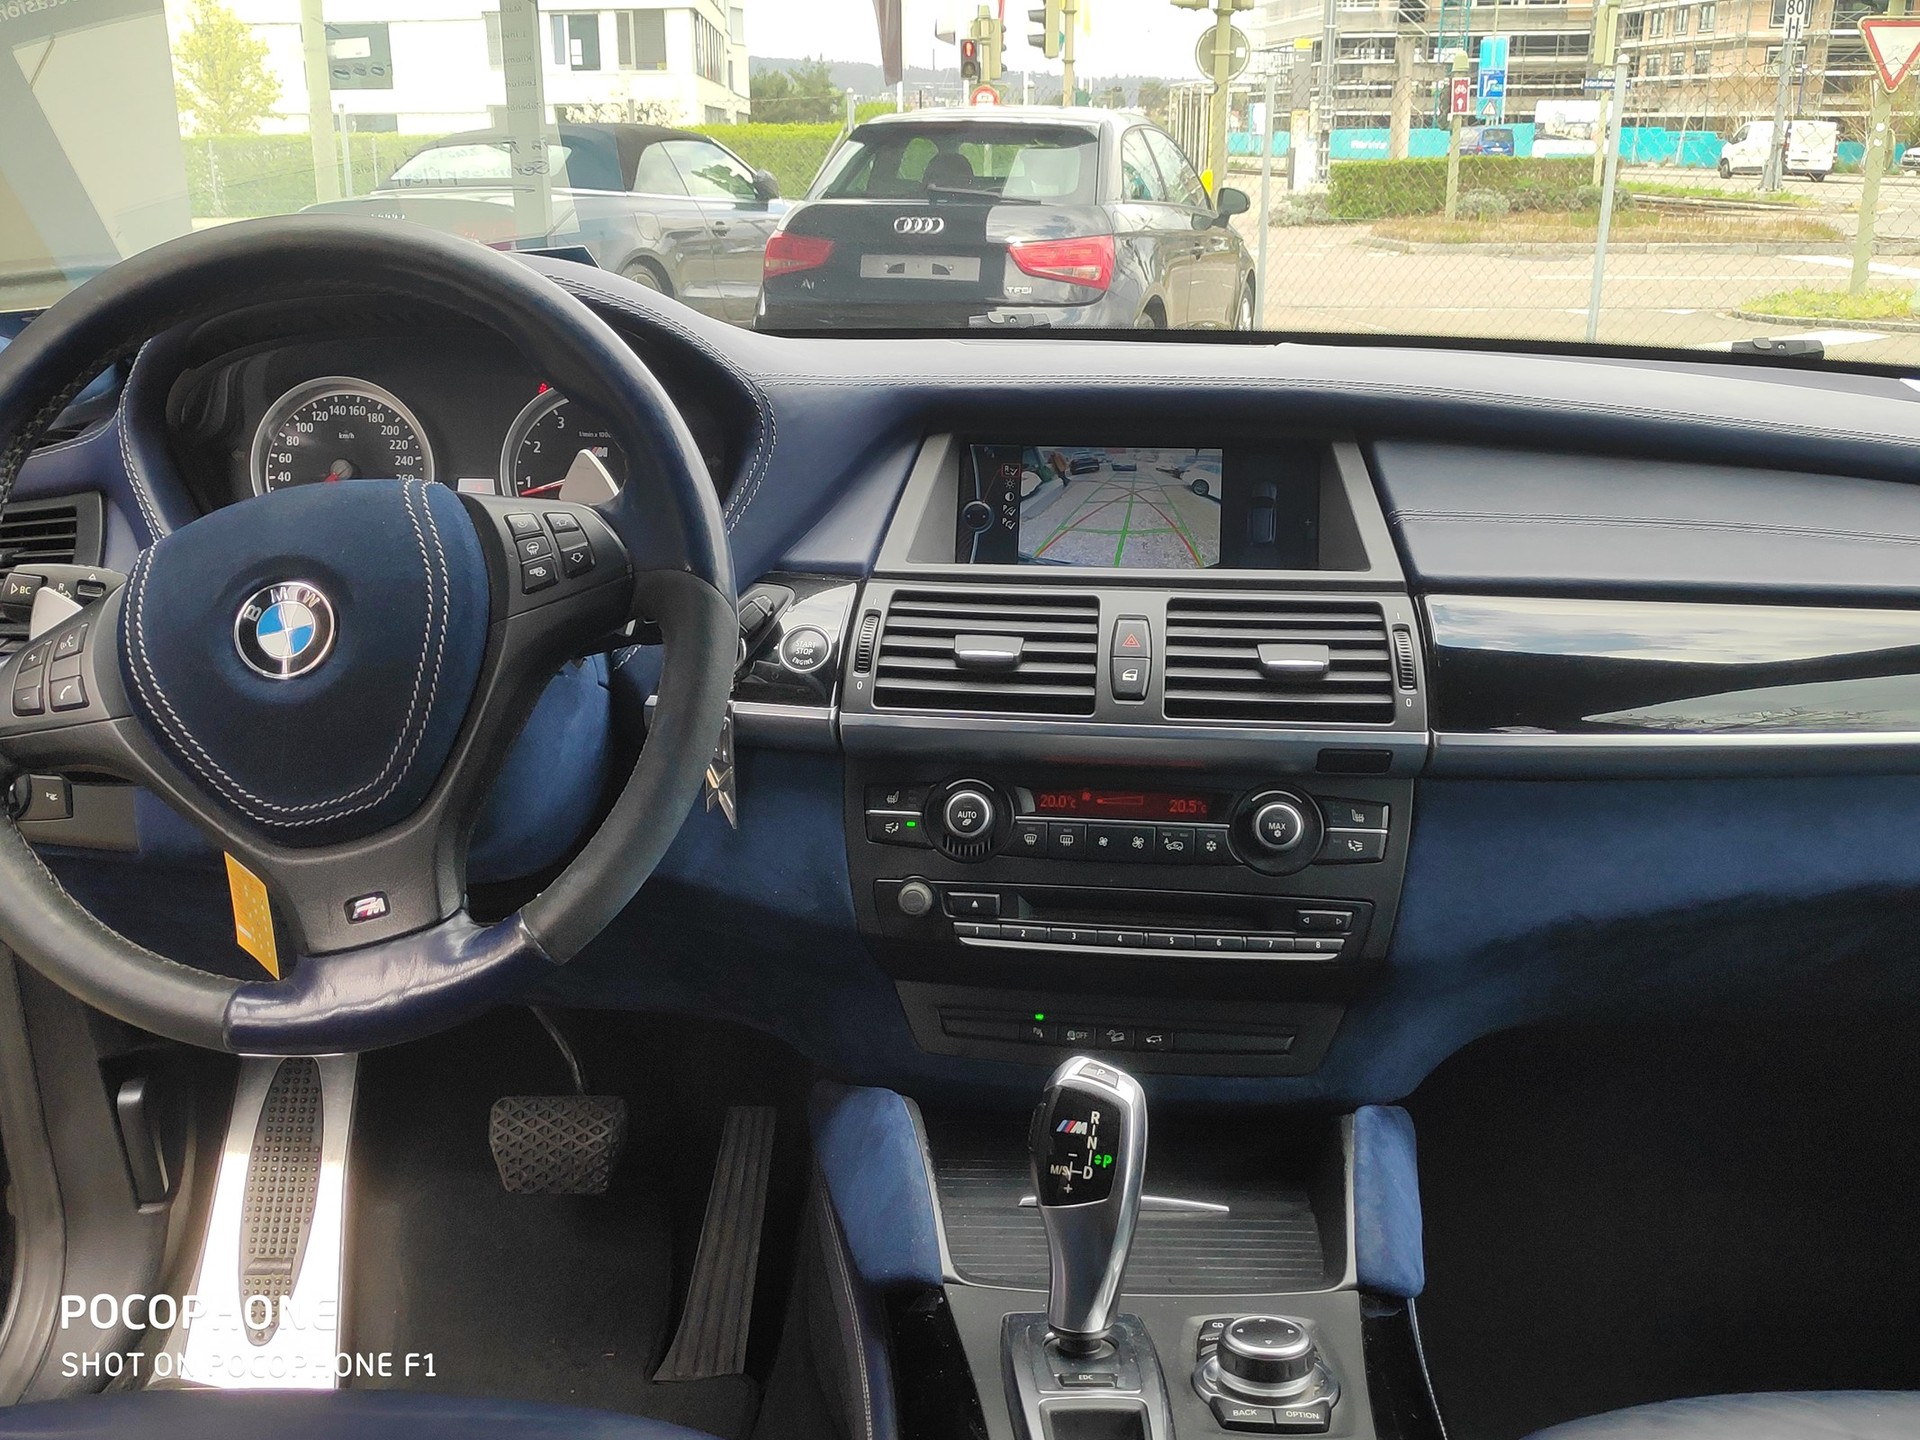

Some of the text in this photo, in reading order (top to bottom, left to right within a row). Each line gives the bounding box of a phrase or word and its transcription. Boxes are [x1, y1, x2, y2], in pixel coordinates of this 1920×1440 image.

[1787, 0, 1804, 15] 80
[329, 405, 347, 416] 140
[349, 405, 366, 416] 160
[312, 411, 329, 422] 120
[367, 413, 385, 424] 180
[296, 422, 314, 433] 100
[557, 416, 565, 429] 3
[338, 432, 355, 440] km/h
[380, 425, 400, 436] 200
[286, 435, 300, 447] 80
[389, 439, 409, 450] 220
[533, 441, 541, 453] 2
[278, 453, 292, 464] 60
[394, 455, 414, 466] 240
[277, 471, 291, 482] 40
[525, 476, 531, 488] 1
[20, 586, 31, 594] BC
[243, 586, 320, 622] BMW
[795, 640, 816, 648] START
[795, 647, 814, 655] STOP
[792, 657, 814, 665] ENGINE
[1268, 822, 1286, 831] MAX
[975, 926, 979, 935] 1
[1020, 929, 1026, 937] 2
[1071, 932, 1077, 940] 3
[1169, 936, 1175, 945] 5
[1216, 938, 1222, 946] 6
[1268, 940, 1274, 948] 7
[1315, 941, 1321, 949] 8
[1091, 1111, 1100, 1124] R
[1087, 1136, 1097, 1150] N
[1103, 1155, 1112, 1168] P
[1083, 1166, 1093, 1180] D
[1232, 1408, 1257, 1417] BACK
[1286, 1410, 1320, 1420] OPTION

────

Produce an exact copy of each line of data, skipping embedded images.

Some of the text in this photo, in reading order (top to bottom, left to right within a row). Each line gives the bounding box of a phrase or word and its transcription. Boxes are [x1, y1, x2, y2], in pixel coordinates of this 1920×1440 image.

[1787, 0, 1804, 15] 80
[329, 405, 347, 416] 140
[349, 405, 366, 416] 160
[312, 411, 329, 422] 120
[367, 413, 385, 424] 180
[296, 422, 314, 433] 100
[557, 416, 565, 429] 3
[338, 432, 355, 440] km/h
[380, 425, 400, 436] 200
[286, 435, 300, 447] 80
[389, 439, 409, 450] 220
[533, 441, 541, 453] 2
[278, 453, 292, 464] 60
[394, 455, 414, 466] 240
[277, 471, 291, 482] 40
[525, 476, 531, 488] 1
[20, 586, 31, 594] BC
[243, 586, 320, 622] BMW
[795, 640, 816, 648] START
[795, 647, 814, 655] STOP
[792, 657, 814, 665] ENGINE
[1268, 822, 1286, 831] MAX
[975, 926, 979, 935] 1
[1020, 929, 1026, 937] 2
[1071, 932, 1077, 940] 3
[1169, 936, 1175, 945] 5
[1216, 938, 1222, 946] 6
[1268, 940, 1274, 948] 7
[1315, 941, 1321, 949] 8
[1091, 1111, 1100, 1124] R
[1087, 1136, 1097, 1150] N
[1103, 1155, 1112, 1168] P
[1083, 1166, 1093, 1180] D
[1232, 1408, 1257, 1417] BACK
[1286, 1410, 1320, 1420] OPTION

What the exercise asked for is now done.